My first experience of attitude in the workplace came from my teenage and student years working in the local pub restaurant. Although the money was poor, and the
long, anti-social hours would blister my feet, I maintained a positive attitude towards my colleagues and customers, and embraced new ideas and challenges. The pub would always telephone me at university when the holidays were about to begin, as the pub were keen on having me back. When sprinting around taking orders, a colleague of mine had the complete opposite idea – she hated the concept of work full stop. This woman had a multitude of sudden illnesses and mishaps – some of which would develop in the space of five minutes. Needless to say, she didn’t last long.
Post university, I started working as an unpaid PR intern. Whilst expensive and frustrating, I was aware that the positive attitude would enable me to keep learning new skills, it would be of benefit to others in the workplace, and would help snag that possible future opening in the office. I was right. A fellow intern, a glamorous, intelligent graduate with the aspiration of a career in PR, would complain about the lack of money, and became teary-eyed after an 8 hour day “because I am just, so, you know, exhausted”. She didn’t last long either.
Today, as a recruiter, I am faced with the similar frustrations I had before. The hours can be long, my pitching can fall on deaf ears, and hours spent sourcing
candidates can be completely fruitless. And sometimes, no matter how much work I’m doing, the figures don’t seem to change.

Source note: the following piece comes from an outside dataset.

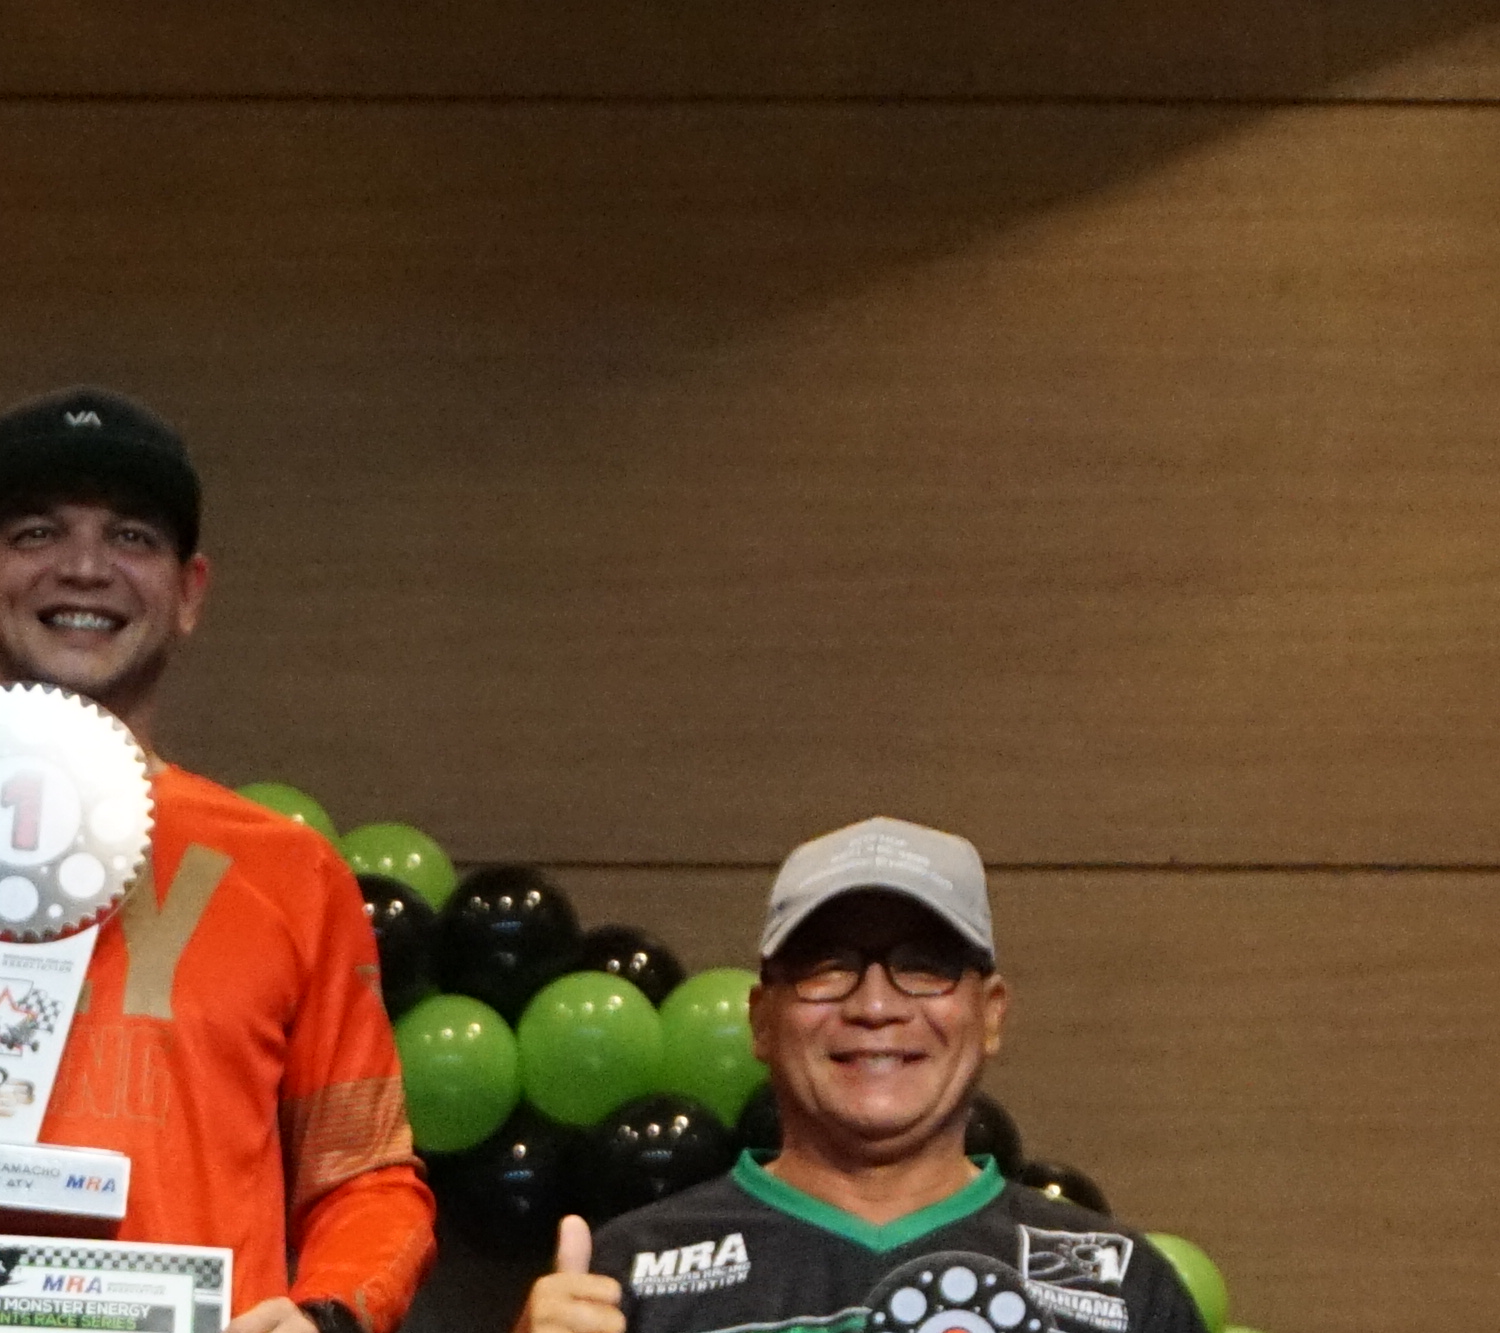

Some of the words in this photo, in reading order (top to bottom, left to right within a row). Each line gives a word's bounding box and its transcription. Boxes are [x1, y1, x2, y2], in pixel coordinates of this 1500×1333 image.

Despite this, I have learnt that the main attribute to maintain is the attitude. A positive attitude can be measured through these three factors – Enthusiasm, Efficiency and Excellence.
Arrive to work at a decent time – always being five minutes late shows your colleagues and manager that subconsciously, you don’t really want to be there.
Greet new roles and clients with a positive response – you have the opportunity to help someone find a great new job, solve your client’s pain point and in the process make a lot of money. Don’t groan.
How long does it take you to submit CVs after that initial client call? The quicker you crack on with it, the quicker you seal the deal.
Work to the best of your ability – Not adhering to the client’s requests, or acknowledging the candidate’s preferences will backfire spectacularly.
Some days will see you flying through targets and securing placements, other days will see you struggle enormously. However, it’s your attitude to your work, especially during the struggle, which determines whether you eventually succeeed.